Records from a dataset

══════

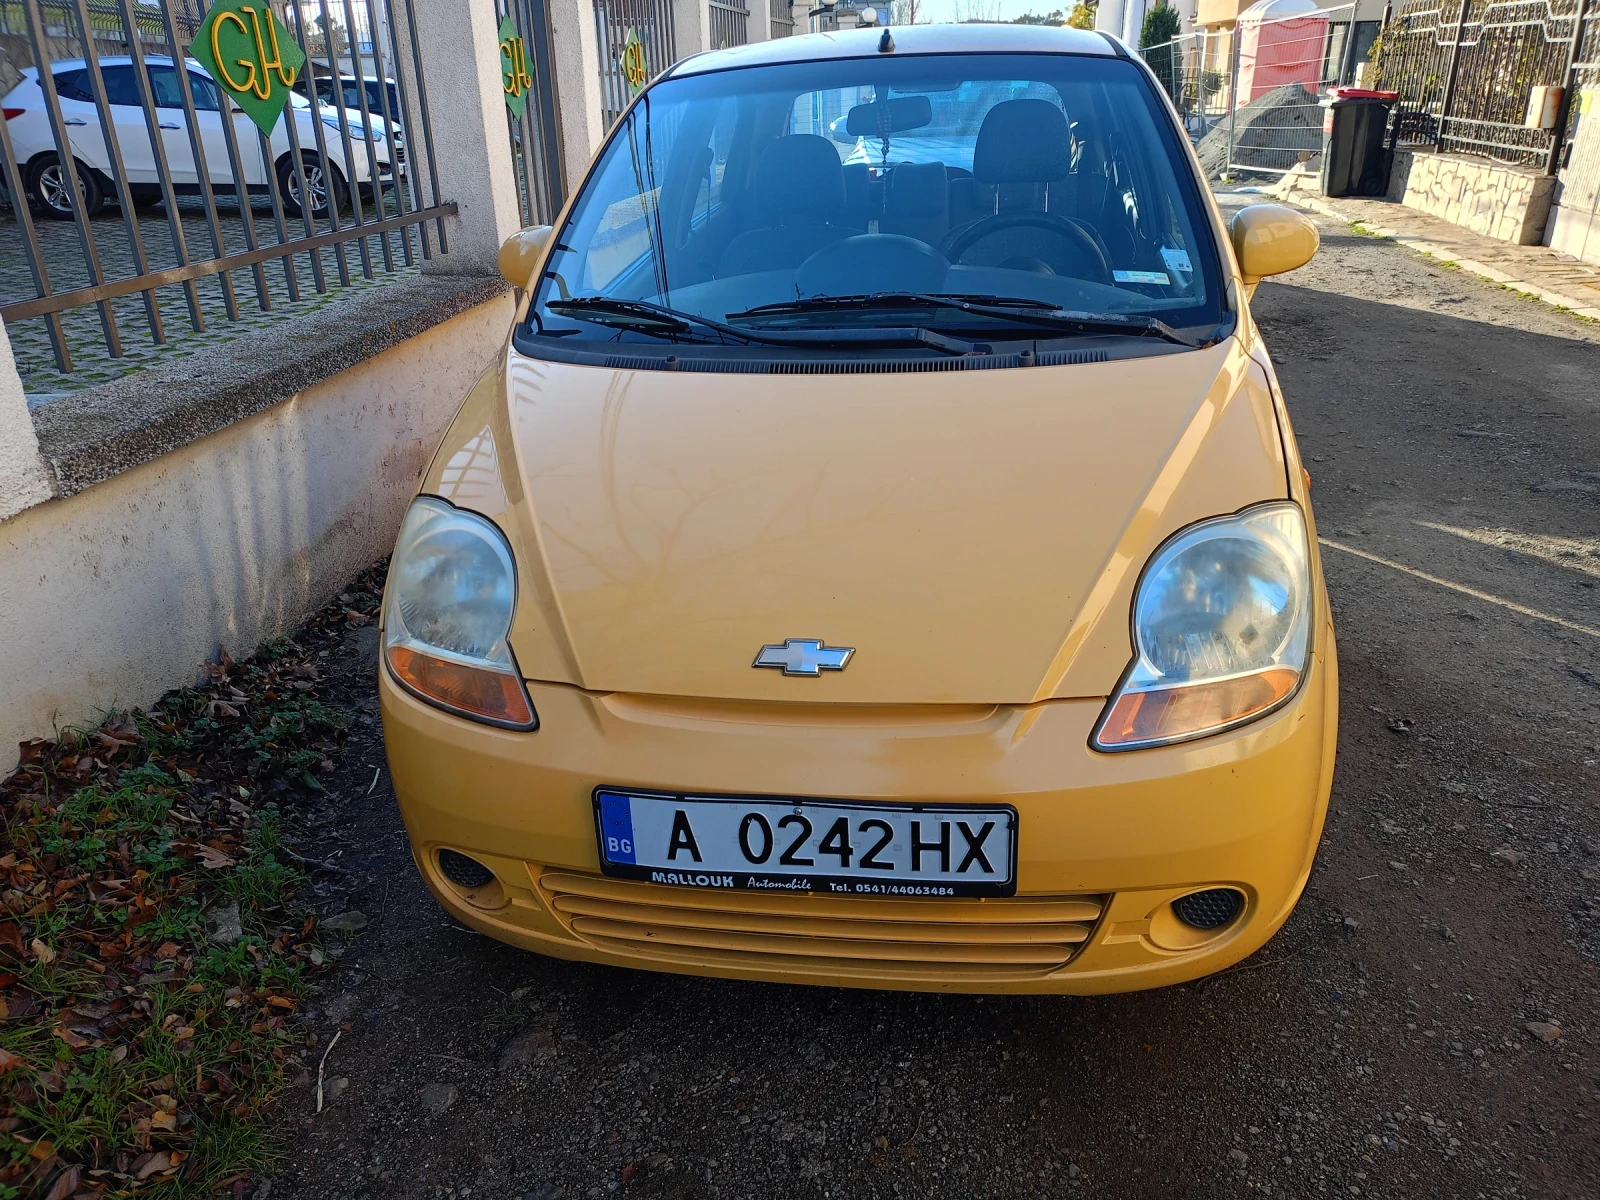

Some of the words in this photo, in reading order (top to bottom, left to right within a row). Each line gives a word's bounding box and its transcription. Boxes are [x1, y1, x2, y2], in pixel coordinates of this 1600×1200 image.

[211, 6, 295, 100] GH
[499, 37, 532, 97] GH
[607, 837, 632, 854] BG
[667, 809, 704, 863] A
[738, 812, 895, 871] 0242
[910, 820, 996, 873] HX
[652, 871, 734, 888] MALLOUK
[747, 876, 812, 890] Automobile
[829, 882, 852, 892] Tel.
[855, 883, 955, 896] 0541/44063484

══════

> Assigned task
An exact copy of every entry, minus the pictures, is what you should return.

> Solution for this problem
Some of the words in this photo, in reading order (top to bottom, left to right within a row). Each line gives a word's bounding box and its transcription. Boxes are [x1, y1, x2, y2], in pixel coordinates of this 1600×1200 image.

[211, 6, 295, 100] GH
[499, 37, 532, 97] GH
[607, 837, 632, 854] BG
[667, 809, 704, 863] A
[738, 812, 895, 871] 0242
[910, 820, 996, 873] HX
[652, 871, 734, 888] MALLOUK
[747, 876, 812, 890] Automobile
[829, 882, 852, 892] Tel.
[855, 883, 955, 896] 0541/44063484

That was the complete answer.